Pour un amateur de plantes, il n’y a rien de plus agréable qu’une visite dans un jardin botanique. À l’origine, ces jardins étaient conçus pour le plaisir des visiteurs, mais aujourd’hui, les jardins botaniques offrent bien plus que la simple possibilité de se promener dans un magnifique paysage. Les jardins botaniques ne se consacrent pas uniquement à la conservation des plantes, ils accordent également une grande importance à la recherche botanique. Poursuivez votre lecture pour en savoir plus sur la manière dont les jardins botaniques sont devenus indissociables de la science, de l’éducation et de l’avenir de notre planète.

Qu’est-ce qu’un jardin botanique ?

Le plus ancien jardin botanique universitaire au monde a été créé à Padoue, en Italie, en 1545 par la République de Venise. L’Orto Botanico di Padova est inscrit au patrimoine mondial de l’UNESCO et remplit toujours sa mission initiale, qui représente la naissance de la science botanique : favoriser les échanges scientifiques tout en encourageant la compréhension entre la nature et la culture.

Ce jardin botanique, comme d’autres, est une collection de ressources végétales consacrée à la conservation et à l’étude des plantes, tout en sensibilisant le public à la diversité des espèces végétales.

En fait, Botanic Garden Conservation International a mis à jour ses critères d’accréditation des jardins botaniques par rapport aux jardins d’exposition afin de refléter l’objectif des premiers, qui est de conserver les espèces végétales rares et menacées tout en se conformant aux politiques internationales de manière durable et éthique.

Recherche dans les jardins botaniques

Les collections des jardins publics existent depuis des milliers d’années. Les premiers exemples remontent à environ 3 000 ans, dans l’Égypte antique et en Mésopotamie, mais les premiers « véritables » jardins botaniques sont apparus aux XVIe et XVIIe siècles ; ceux-ci étaient spécialement conçus pour l’étude académique des plantes médicinales.

Que peuvent apprendre les scientifiques et les profanes des jardins botaniques ? Bien sûr, l’aménagement de la plupart des jardins botaniques est le rêve de tout jardinier et, à ce titre, il inspire des idées de jardinage pour les propriétaires, mais son objectif premier est d’éduquer et de préserver.

Les scientifiques étudient les spécimens vivants communs et rares que l’on trouve dans les jardins botaniques afin d’en savoir plus sur leurs utilisations historiques ou actuelles, le rôle que ces plantes jouent dans l’évolution, et pour en savoir plus sur les cultures indigènes, à la fois pour aider à leur préservation et pour tirer des leçons du passé.

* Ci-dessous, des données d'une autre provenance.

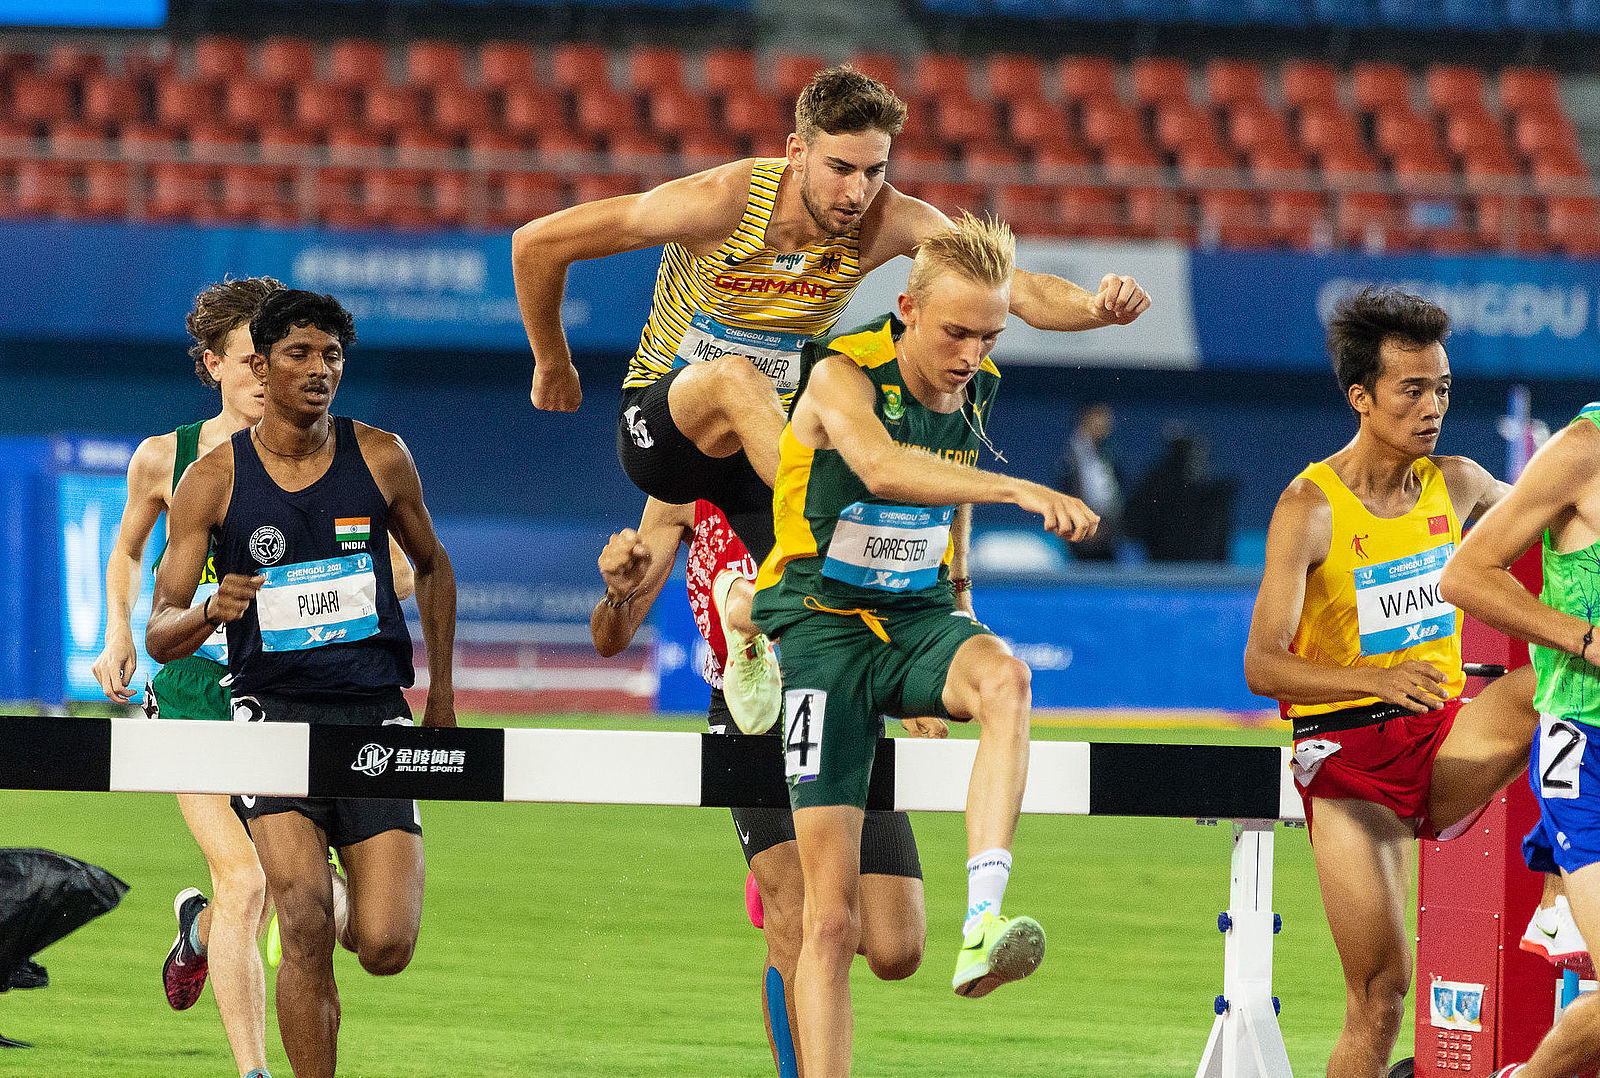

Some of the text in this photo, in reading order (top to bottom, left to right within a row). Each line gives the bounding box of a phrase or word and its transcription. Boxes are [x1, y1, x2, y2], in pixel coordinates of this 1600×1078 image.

La vie végétale est à la base de tous les écosystèmes. Il est donc important de comprendre autant que possible le rôle des différentes espèces. Après tout, les plantes nous fournissent non seulement des médicaments, comme mentionné ci-dessus, mais aussi de la nourriture, des abris, des vêtements et les matières premières à partir desquelles d’innombrables produits sont fabriqués.

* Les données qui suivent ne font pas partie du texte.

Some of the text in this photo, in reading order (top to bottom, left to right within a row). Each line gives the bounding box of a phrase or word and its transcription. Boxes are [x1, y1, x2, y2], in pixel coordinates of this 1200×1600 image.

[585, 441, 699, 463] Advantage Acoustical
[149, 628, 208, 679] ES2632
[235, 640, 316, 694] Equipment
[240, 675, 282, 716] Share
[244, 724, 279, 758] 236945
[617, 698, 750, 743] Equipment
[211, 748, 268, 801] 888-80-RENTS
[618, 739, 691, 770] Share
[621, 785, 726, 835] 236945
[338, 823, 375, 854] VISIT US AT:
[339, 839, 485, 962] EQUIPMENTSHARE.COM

Recherche sur les plantes rares

Étant donné que les plantes sont l’une des principales raisons de l’existence de la vie sur Terre, leur conservation est impérative, d’autant plus que de plus en plus d’espèces sont menacées d’extinction. La diversité végétale est inestimable. Elle fournit non seulement de la nourriture et un abri aux animaux, mais elle joue également un rôle majeur dans le climat, l’érosion, la protection des bassins versants et l’équilibre des écosystèmes.

Les jardins botaniques se concentrent sur la protection et la conservation des plantes, tant en tant qu’espèces vivantes dans leur milieu naturel qu’en tant que collections vivantes et sous la forme de banques de graines.

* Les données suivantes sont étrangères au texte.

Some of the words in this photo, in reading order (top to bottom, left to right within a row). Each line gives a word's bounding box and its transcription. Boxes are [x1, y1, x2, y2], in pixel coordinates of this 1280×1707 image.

Pour ce faire, les jardins botaniques utilisent une technique de gestion combinée appelée « conservation intégrée des plantes », une méthode qui associe la sélection du développement, la gestion des zones et des espèces protégées, l’élimination des espèces végétales envahissantes, la restauration de l’environnement et la sensibilisation des communautés à l’utilisation durable des plantes et à la gestion des terres.

Les plantes rares, celles qui sont éteintes ou en voie d’extinction, sont liées au travail de conservation intégrée des plantes décrit ci-dessus. Dans certains cas, il se peut que les graines n’existent même plus, mais certains jardins botaniques collectent également des herbiers ou des collections de plantes séchées.

Les herbiers peuvent dater de plusieurs siècles. Ils sont utilisés pour la recherche taxonomique et aident à identifier de nouvelles espèces ou celles qui ont été mal identifiées. Un herbier est une collection de parties de plantes montées sur papier et conservées avec des informations concernant le lieu et la date de leur découverte. Ces parties de plantes séchées fournissent également des informations génétiques, aident à dresser un tableau de la biodiversité d’origine d’une région et permettent de localiser la répartition des espèces et des écosystèmes dans un espace géographique.